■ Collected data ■
-- Opening Marker --

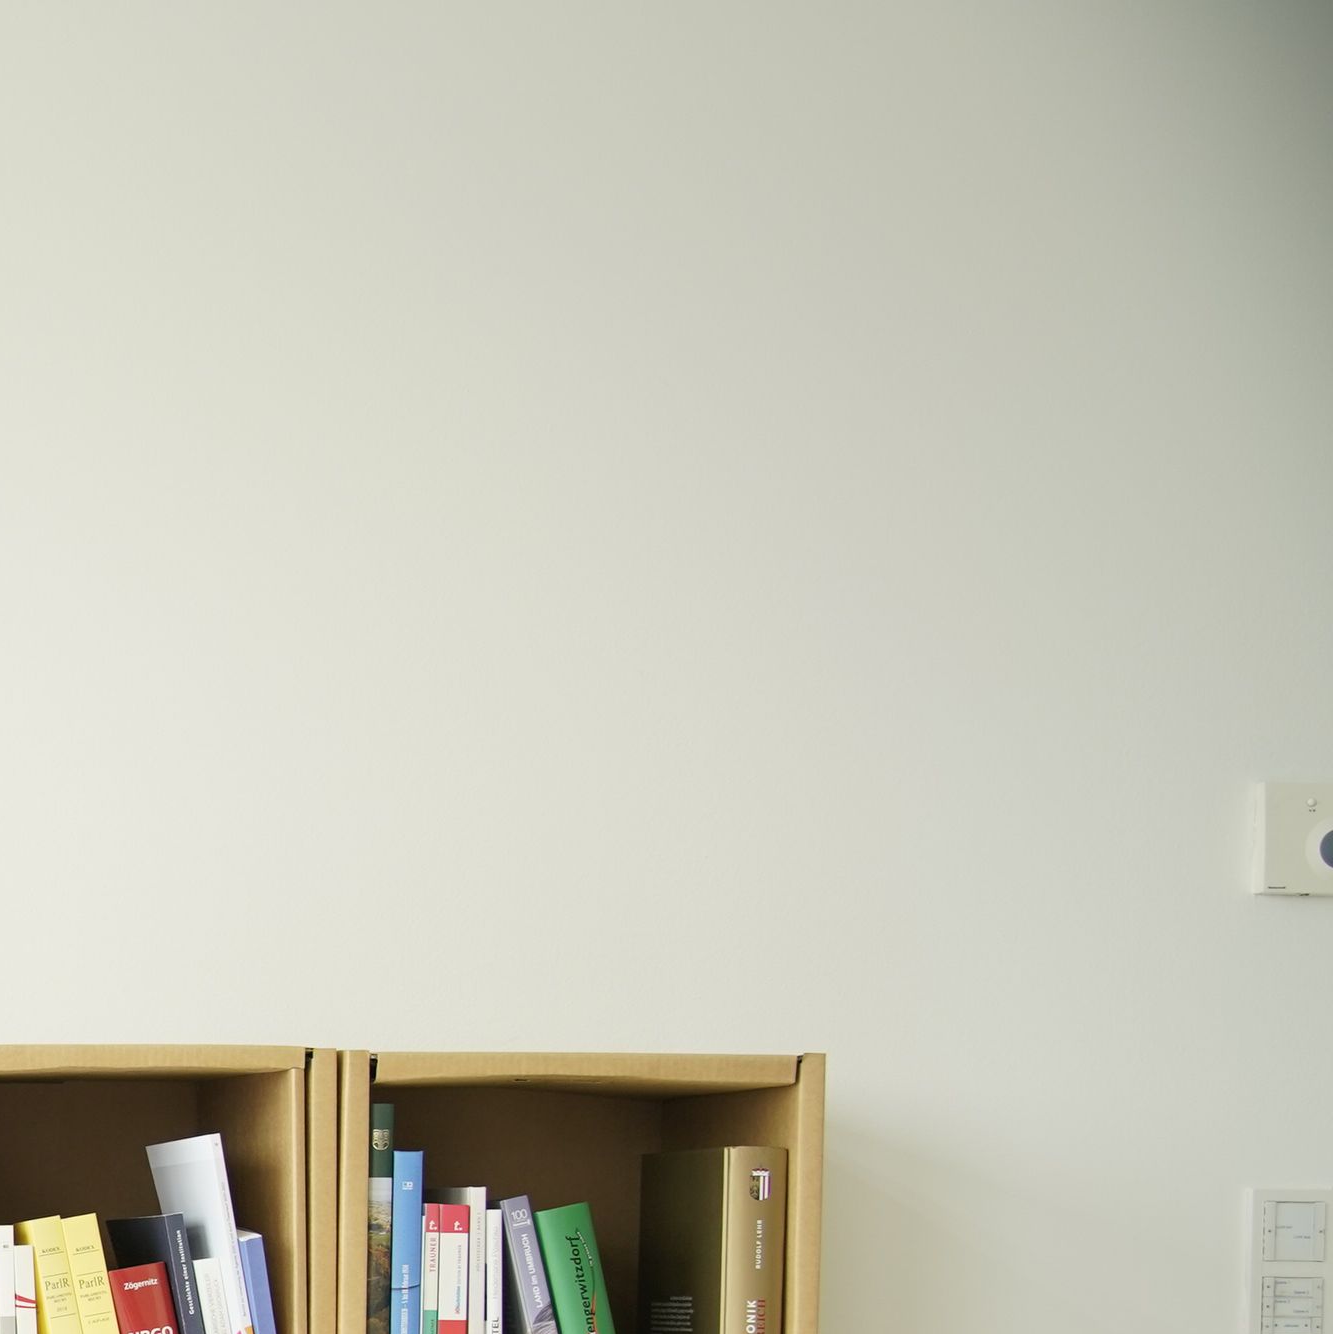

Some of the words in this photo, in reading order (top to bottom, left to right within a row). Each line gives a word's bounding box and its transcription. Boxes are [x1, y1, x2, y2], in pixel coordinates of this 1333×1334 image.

[175, 1230, 188, 1262] Institution
[428, 1237, 438, 1273] TRAUNER
[521, 1233, 536, 1275] UMBRUCH
[755, 1241, 763, 1270] RUDOLF
[44, 1277, 71, 1292] ParlR
[78, 1275, 106, 1291] ParlR
[122, 1277, 159, 1291] Zögernitz
[183, 1281, 196, 1315] Geschichte
[564, 1231, 597, 1333] engerwitzdorf

-- Closing Marker --

■ WHAT THE TASK ASKS ■
Drop the images; copy every entry above exactly.

■ YOUR SOLUTION ■
Some of the words in this photo, in reading order (top to bottom, left to right within a row). Each line gives a word's bounding box and its transcription. Boxes are [x1, y1, x2, y2], in pixel coordinates of this 1333×1334 image.

[175, 1230, 188, 1262] Institution
[428, 1237, 438, 1273] TRAUNER
[521, 1233, 536, 1275] UMBRUCH
[755, 1241, 763, 1270] RUDOLF
[44, 1277, 71, 1292] ParlR
[78, 1275, 106, 1291] ParlR
[122, 1277, 159, 1291] Zögernitz
[183, 1281, 196, 1315] Geschichte
[564, 1231, 597, 1333] engerwitzdorf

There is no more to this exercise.